Reservas estratégicas y amenaza eléctrica
El gobierno declaró inmediatamente el estado de emergencia petrolera y decidió liberar 250.000 toneladas de petróleo de las reservas estatales para que la refinería Slovnaft en Bratislava pueda operar al menos en un régimen reducido. Mientras tanto, Slovnaft ha encargado siete petroleros a través del oleoducto croata Adria, pero la ruta alternativa es cinco veces más cara y el suministro tardará entre 20 y 30 días.
Fico también advirtió que Eslovaquia podría suspender el suministro de emergencia de electricidad a Ucrania. En diciembre de 2025, Eslovaquia proporcionó aproximadamente el 21 por ciento de las importaciones totales de electricidad a Ucrania. Eslovaquia y Hungría también detuvieron las exportaciones de gasóleo a Kiev: Eslovaquia suministraba hasta el 10 por ciento del consumo ucraniano de diésel. Hungría amenazó con bloquear un préstamo de la UE de 90.000 millones de euros a Kiev hasta que se reanude el tránsito de petróleo.

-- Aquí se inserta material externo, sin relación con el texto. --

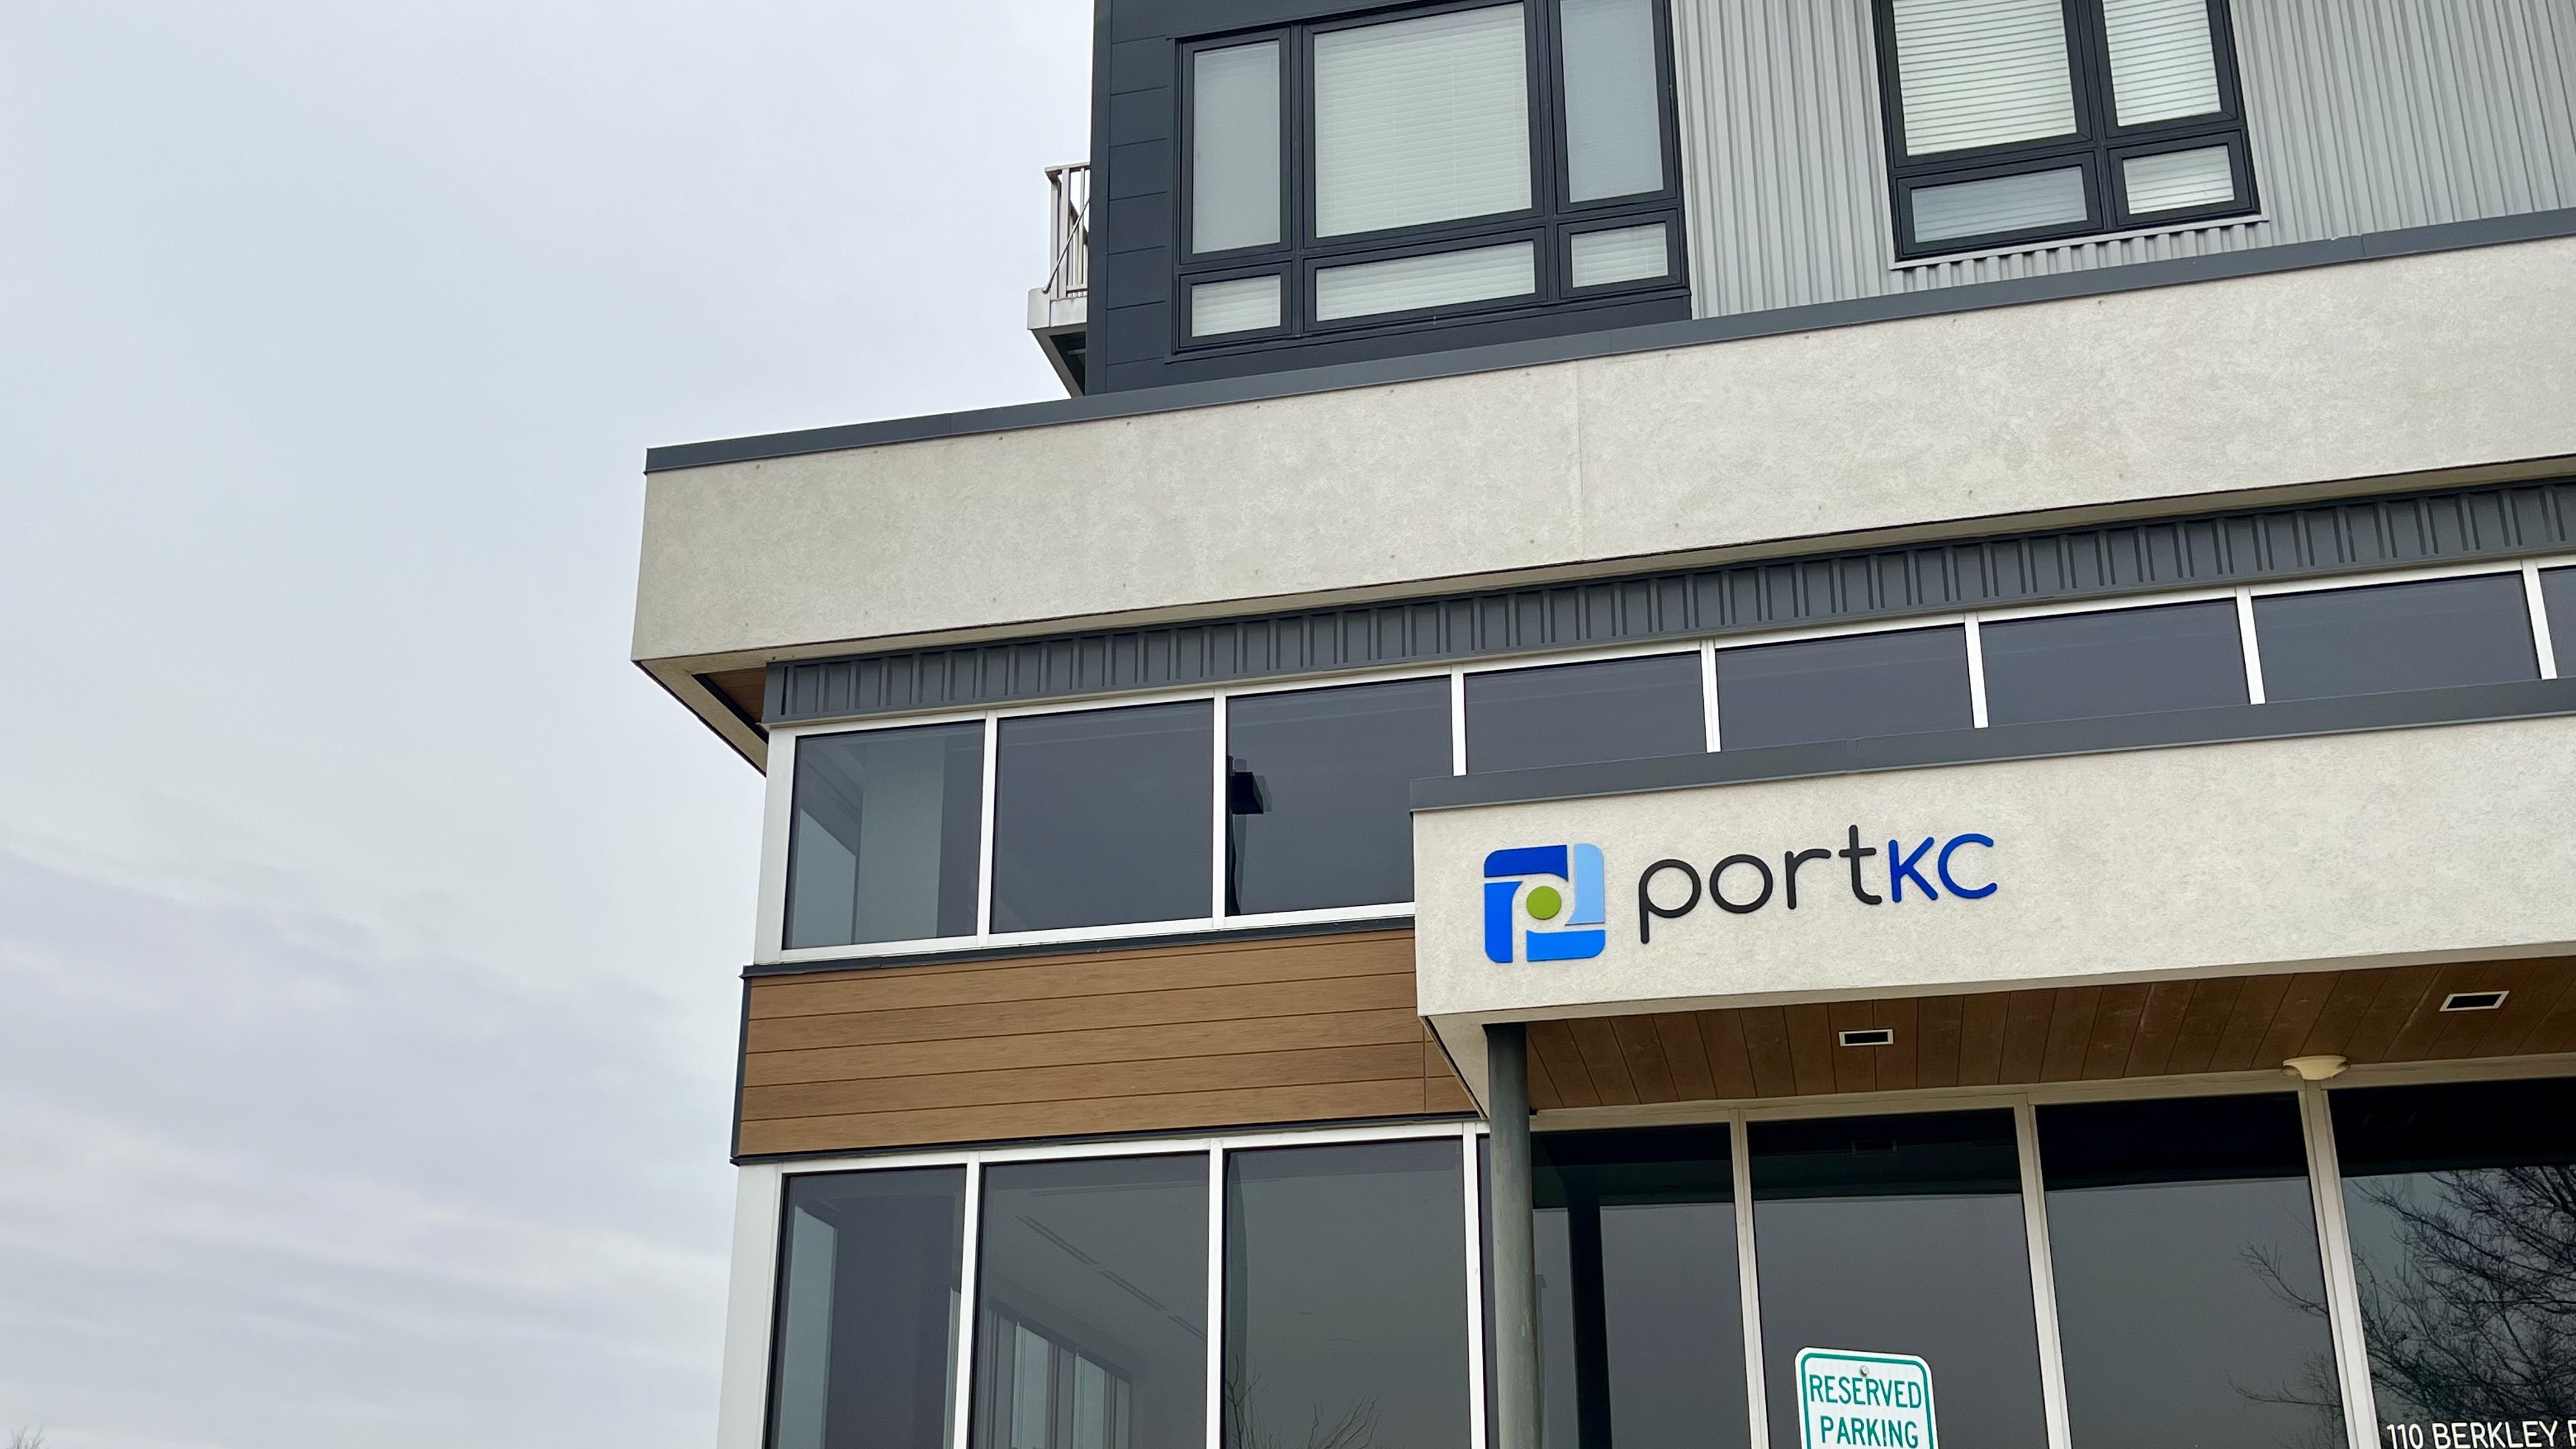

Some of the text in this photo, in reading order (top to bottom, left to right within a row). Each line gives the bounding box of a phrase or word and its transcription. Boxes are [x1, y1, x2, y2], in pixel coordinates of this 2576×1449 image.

La UE convoca una reunión extraordinaria
La Comisión Europea respondió convocando una reunión extraordinaria del Grupo de Coordinación del Petróleo para el 25 de febrero con la participación de Hungría, Eslovaquia y Croacia. Sin embargo, Bruselas dejó claro que no presionará a Kiev para que realice la reparación. La portavoz de la Comisión, Anna-Kaisa Itkonen, declaró: "No estamos ejerciendo ninguna presión ni dando plazos a Ucrania".
Croacia se negó a permitir el tránsito de petróleo ruso a Hungría a través del oleoducto Adria. La UE señaló que ambos estados tienen reservas de petróleo para 90 días, por lo que no existe una amenaza inmediata para el suministro. La Unión también se preocupa por la situación energética de Ucrania, que se enfrenta a ataques rusos regulares contra su infraestructura energética.
Tras la llamada con Merz: carta abierta a Bruselas
Durante la llamada con Merz, Fico destacó el fuerte vínculo económico entre Eslovaquia y Alemania y expresó su esperanza de que el canciller alemán lo visite pronto. La conversación también tocó el reciente contacto de Fico con el presidente estadounidense Donald Trump y el secretario de Estado Marco Rubio.
Tras la llamada, Fico anunció que enviará una carta abierta a la presidenta de la Comisión Europea, dirigida también a todos los primeros ministros y líderes de los estados miembros. En la carta, tiene la intención de exigir un cambio fundamental en la política de la UE, a la que acusa de debilitarse en la escena mundial. Señaló como principales culpables los "objetivos climáticos sin sentido y la política migratoria suicida". La disputa en torno al oleoducto Druzhba se está convirtiendo así no solo en una crisis energética, sino también en una herramienta en la presión política más amplia de Fico sobre Bruselas.